Without the pictures, set down every record below exactly as it reads.

:::

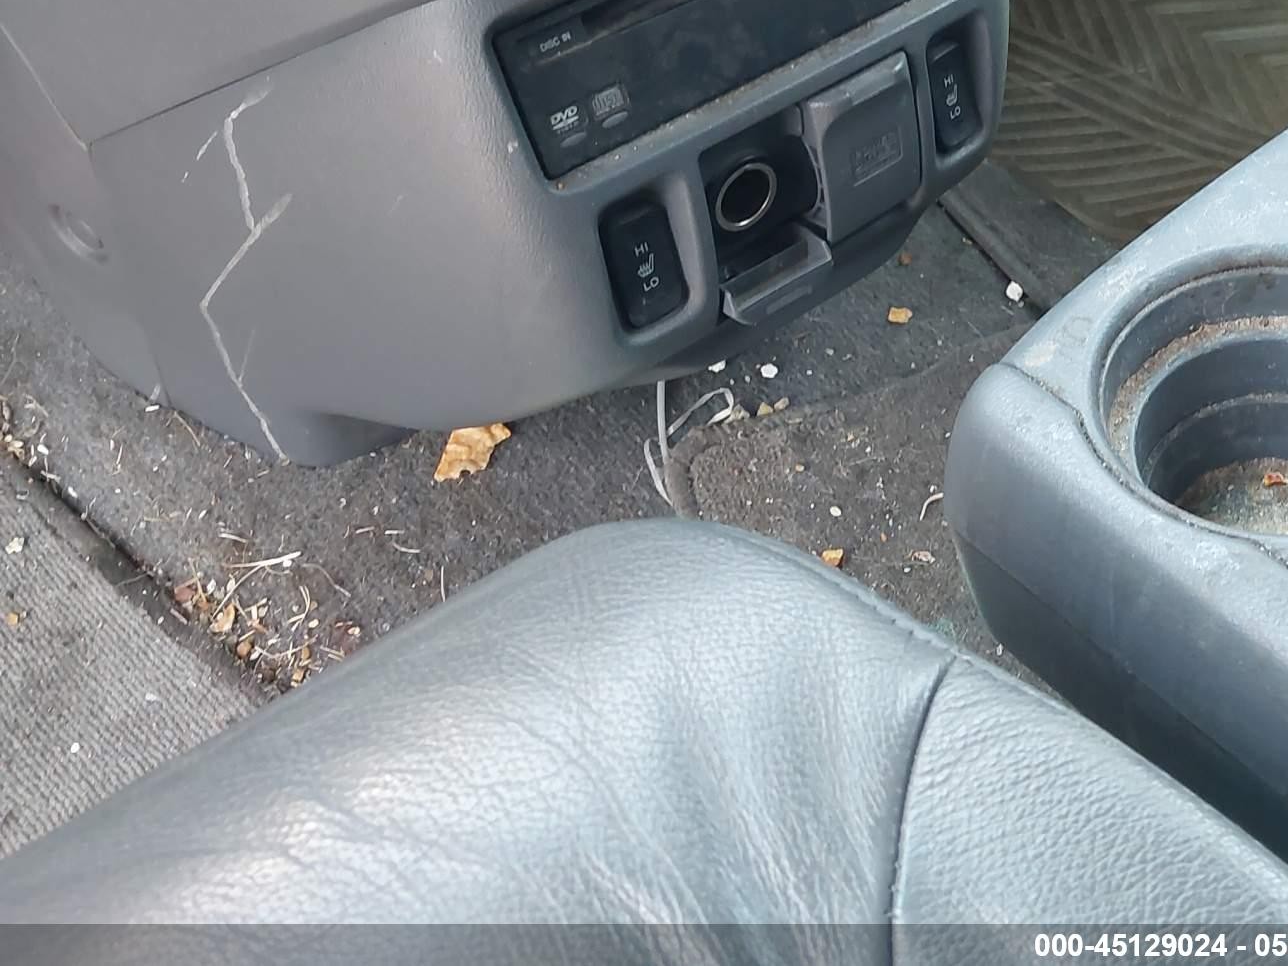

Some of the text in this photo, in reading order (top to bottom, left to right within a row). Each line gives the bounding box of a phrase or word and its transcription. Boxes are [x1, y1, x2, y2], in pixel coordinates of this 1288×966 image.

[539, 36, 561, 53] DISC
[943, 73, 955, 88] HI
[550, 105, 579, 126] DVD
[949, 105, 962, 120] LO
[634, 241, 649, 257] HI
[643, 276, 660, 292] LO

:::

_ANSWER TO THIS TASK_
Some of the text in this photo, in reading order (top to bottom, left to right within a row). Each line gives the bounding box of a phrase or word and its transcription. Boxes are [x1, y1, x2, y2], in pixel coordinates of this 1288×966 image.

[539, 36, 561, 53] DISC
[943, 73, 955, 88] HI
[550, 105, 579, 126] DVD
[949, 105, 962, 120] LO
[634, 241, 649, 257] HI
[643, 276, 660, 292] LO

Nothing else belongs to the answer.